It took having a second child for me to understand that disability did not mean inability. I am guilty, like many others, of seeing the chair before the person in it. I would look at those with a disability and not see the person first.
After my second daughter was born my definition of disability was reborn. This wasn’t a child to be pitied or thought to be unable. This child could accomplish anything she set her mind to, whether it was walking or climbing up the wrong side of the stairs. She would defy doctors and our own expectations too often for us to begin putting limits on her ability. I wanted everyone to see Bridget, not the things that set her apart from her peers.

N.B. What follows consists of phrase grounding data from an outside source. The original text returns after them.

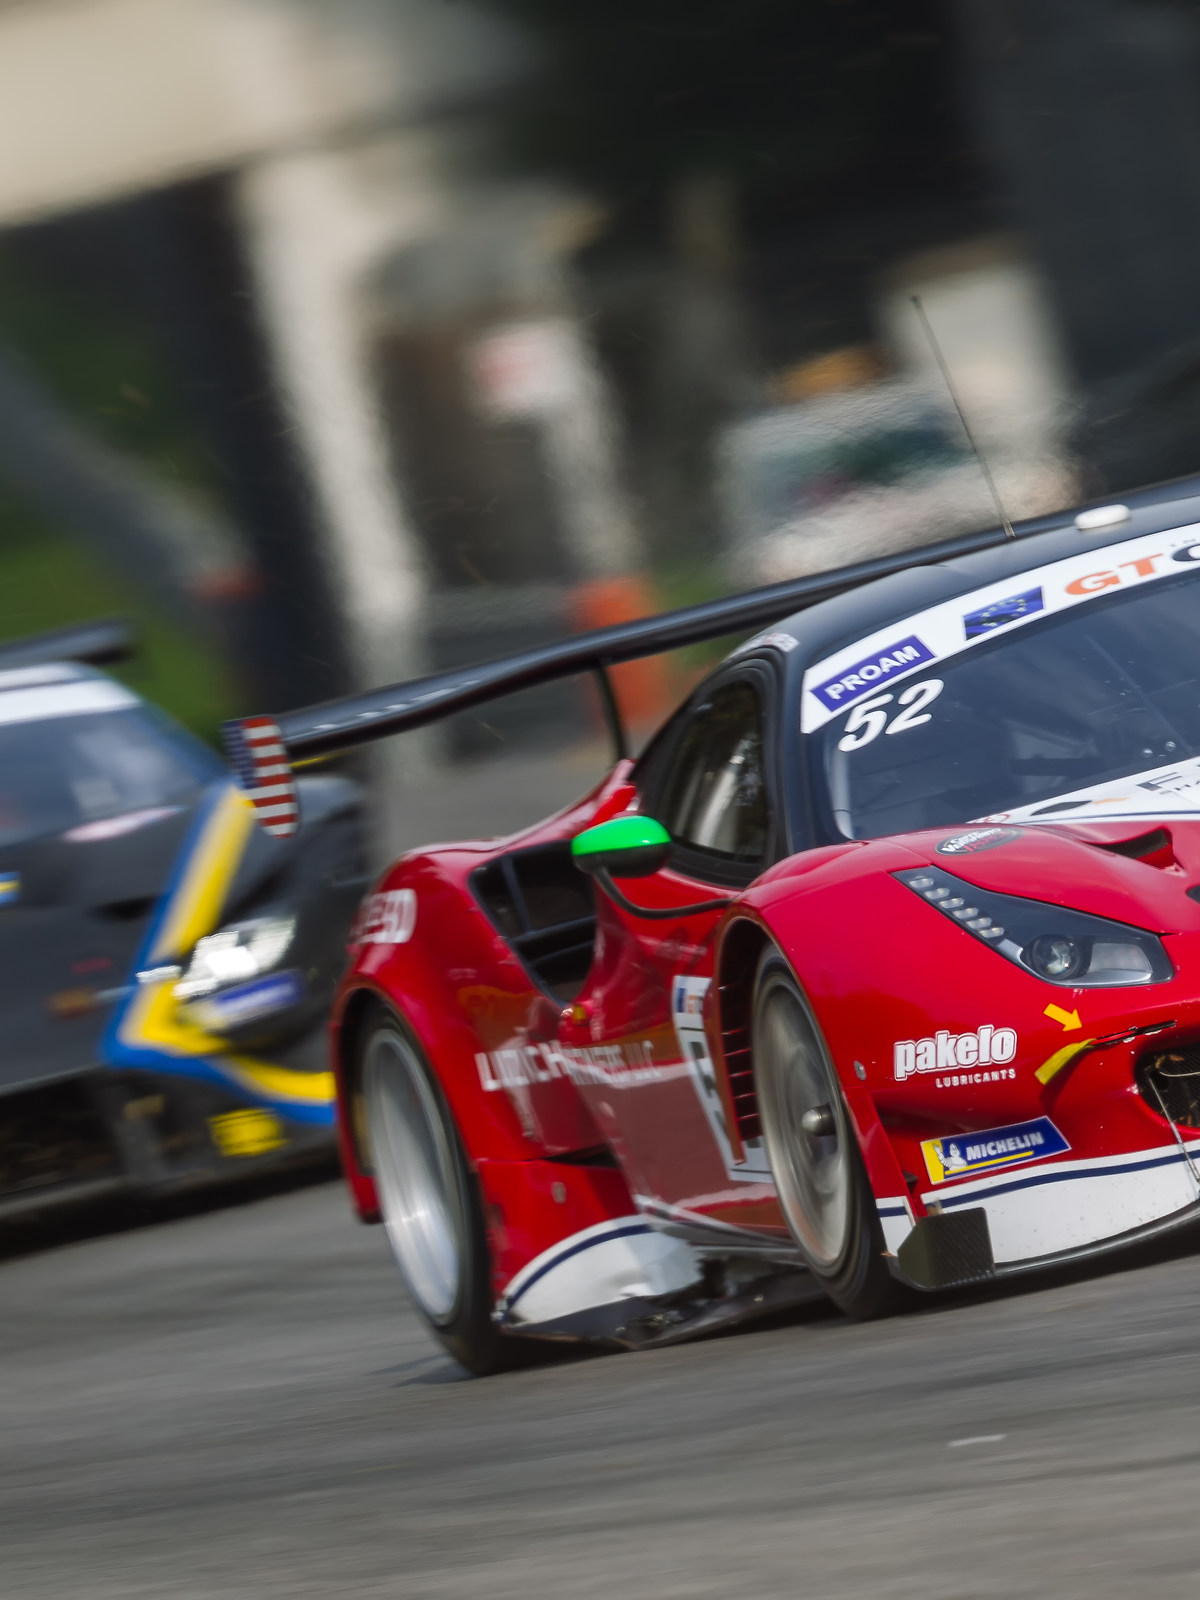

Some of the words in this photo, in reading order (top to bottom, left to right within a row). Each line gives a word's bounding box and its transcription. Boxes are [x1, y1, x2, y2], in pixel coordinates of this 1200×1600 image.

[824, 645, 921, 700] PROAM
[837, 678, 945, 752] 52
[894, 1024, 1018, 1081] pakelo
[935, 1068, 1016, 1088] LUBRICANTS
[965, 1131, 1045, 1161] MICHELIN

It was having a child without a disability. When Bridget was in the NICU, Abby saw first-hand how scary this long awaited baby sister would change our lives. Abby has spent countless hours in waiting rooms doing her homework while her sister is doing her therapy. She has always known her sister had “special needs” but characterized it as just another quirk, like Bridget’s red hair. One would think this inequity would lead to either jealousy or disdain. But the opposite is true.

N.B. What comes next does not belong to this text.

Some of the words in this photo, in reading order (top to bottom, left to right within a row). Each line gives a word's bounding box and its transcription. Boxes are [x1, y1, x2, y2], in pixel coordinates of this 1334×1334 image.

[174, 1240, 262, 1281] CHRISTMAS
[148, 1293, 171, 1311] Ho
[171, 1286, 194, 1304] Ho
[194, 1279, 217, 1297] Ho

The long hours she has spent caring for her sister has created an empathetic soul. One who slows down to her sister’s pace not because she has to, but because she wanted to walk with her sister. Abby will unthinkingly adapt a playground activity so a friend who cannot run as fast as the others will be able to participate with her classmates at recess.
Early on Abby created her own narrative about her sister. She would tell classmates (and teachers) that Bridget had a ‘funny’ pattern in her brain or that it just took Bridget longer to do things. When asked about including her sister in events, Abby’s first response is: of course, she is my sister! Abby redefined special needs to be anything that makes life harder for her sister and others. It was through watching Abby nurture her sister that I began to see a pattern forming.

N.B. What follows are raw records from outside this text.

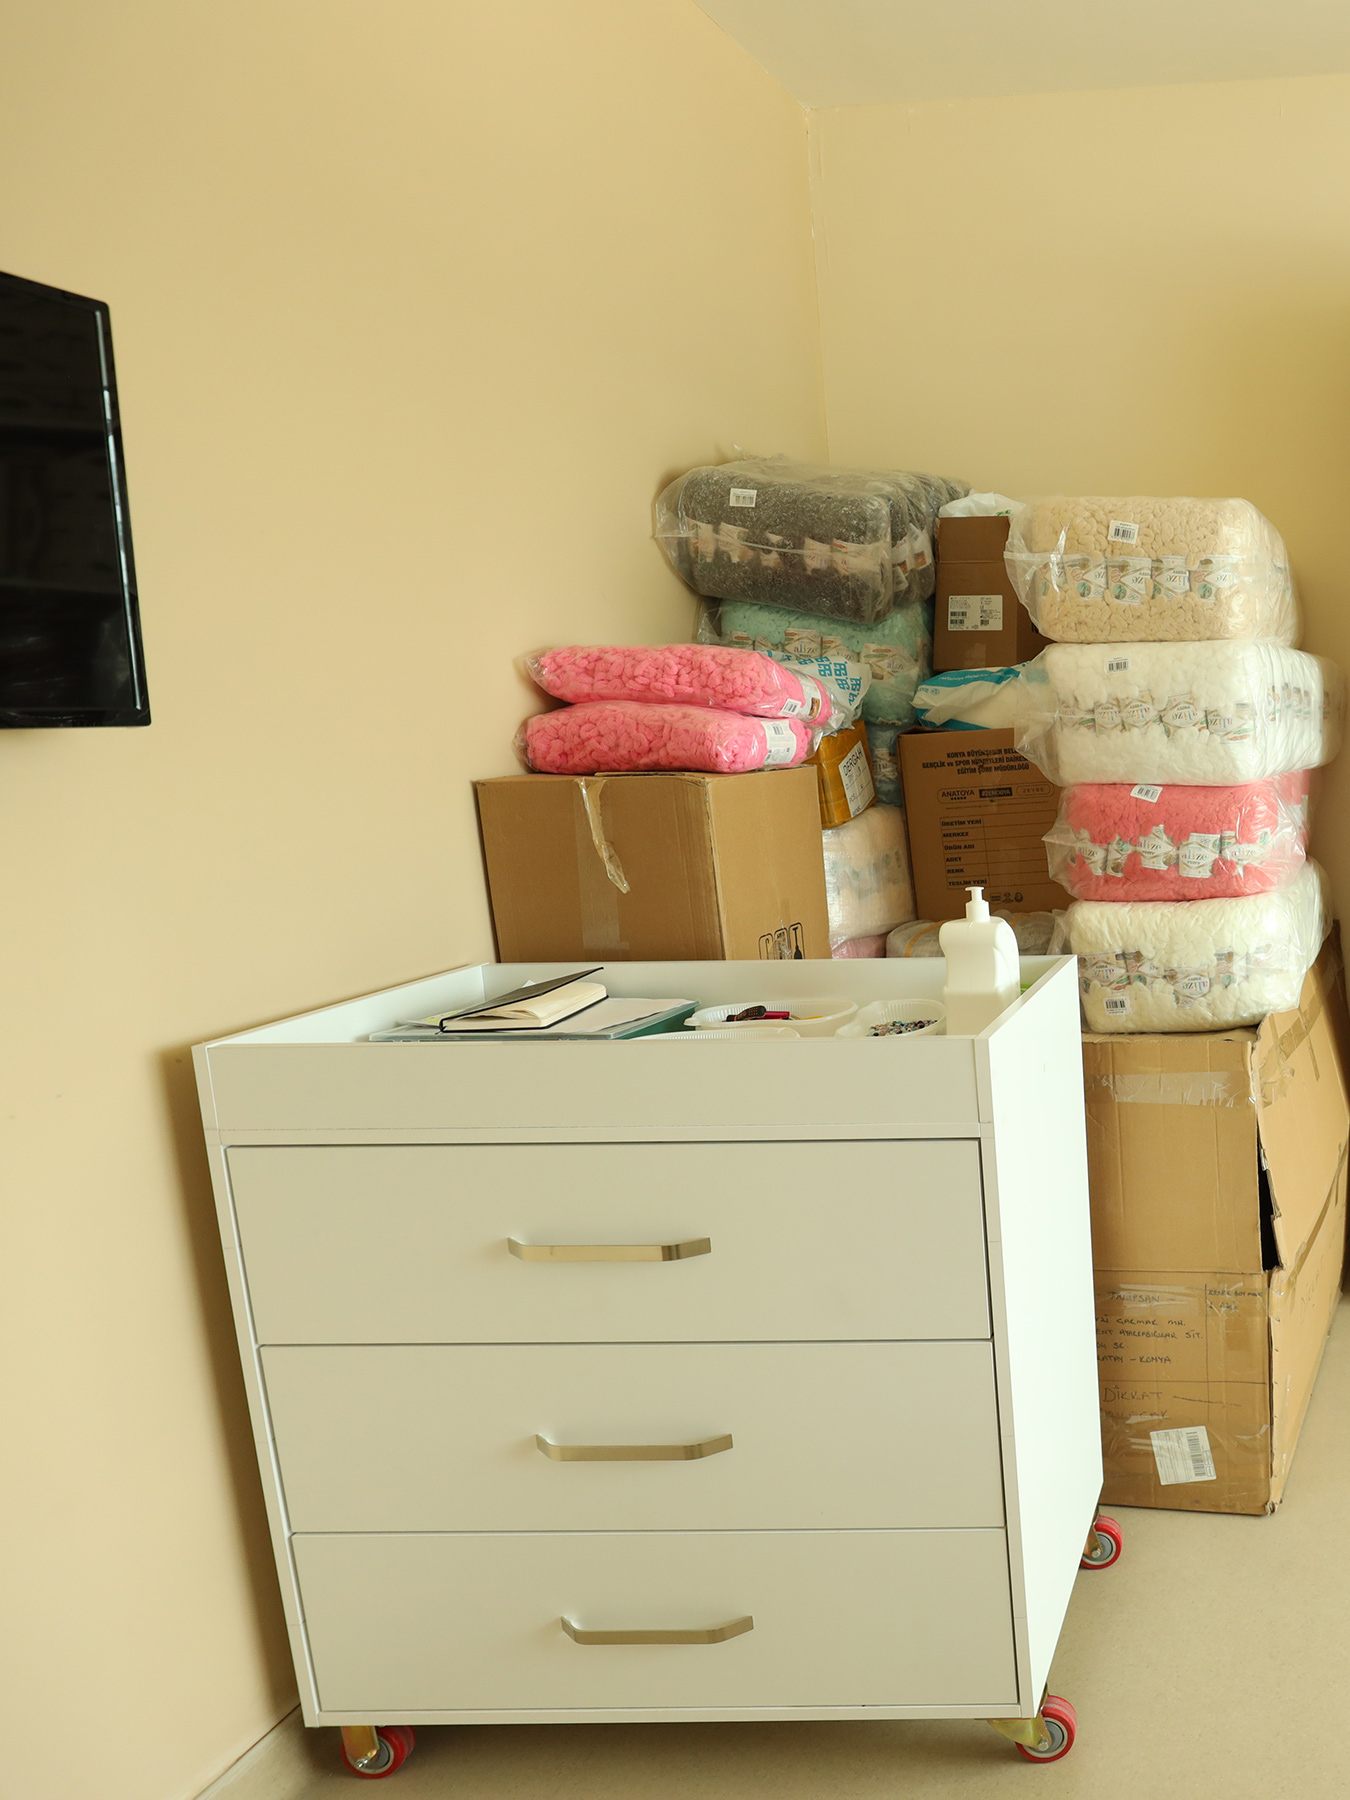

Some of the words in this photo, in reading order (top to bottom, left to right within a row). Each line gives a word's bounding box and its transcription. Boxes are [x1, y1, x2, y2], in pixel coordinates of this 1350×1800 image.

[793, 644, 818, 654] alize
[1125, 706, 1151, 719] alize
[1172, 709, 1198, 722] alize
[1207, 716, 1233, 731] alize
[946, 750, 965, 759] KONYA
[922, 760, 946, 770] GENÇLİK
[954, 759, 970, 767] SPOR
[957, 766, 976, 775] EĞİTİM
[993, 763, 1030, 772] MÜDÜRLÜĞÜ
[941, 788, 975, 798] ANATOYA
[941, 819, 966, 827] ÜRETİM
[1136, 838, 1162, 850] alize
[1077, 846, 1098, 858] alize
[1181, 849, 1209, 861] alize
[1232, 845, 1257, 858] alize
[1092, 968, 1115, 979] alize
[1182, 980, 1209, 992] alize
[1139, 1355, 1172, 1364] KONYA
[1104, 1385, 1163, 1403] DİKKAT

Abby treats all children as if they are able. Abby may question why a person is using a cane or a child may act in a disruptive manner, which is only natural. She will inquire in a way so as not to embarrass herself or the person who has prompted the question. What is not natural is her unwavering ability to see the person first, disability second.
Recently Abby was at a 4H visual presentation. A child with Down syndrome got up to present and encountered difficulty managing her posters. The 4H presentation must be conducted solo, without parental assistance. The judges showed kindness and asked the child if they required assistance. Eyes full of nerves the child said yes please. The judges had barely finished giving permission when Abby was out of her seat asking the girl what she needed.
She did not tell the girl how she was going to help; she asked the girl how she could be of help. Abby asked the girl where she wanted her to stand. She asked the girl what sequence the girl wanted to posters in. And after the presentation was finished she asked the girl if she was okay with how Abby helped her instead of letting the girl’s friends assist her. (Thankfully the answer was yes)
Abby might have been giving a speech about rabbits that evening.
But I learned something much more important. Too often I see someone with a disability and move quickly to assist. I never follow the steps Abby displayed naturally:
- Ask if they need/want help
- Ask how we can help
On the drive home I told Abby how proud I was that she stepped up to help. She replied, of course mom (with an exaggerated sigh). Then she asked if the girl had special needs, like Bridget. When I replied yes, Abby said she thought so but she wasn’t sure until she sat back down. Abby took my breath away when she added, she just looked as nervous as I felt.
When Abby looked at the girl on stage she didn’t see a girl with Down syndrome. She saw a girl on stage that was nervous and thought she might have special needs. It wouldn’t have mattered if the girl did or did not, Abby would have reacted the same way.
The way we all should: see the person first and offer assistance.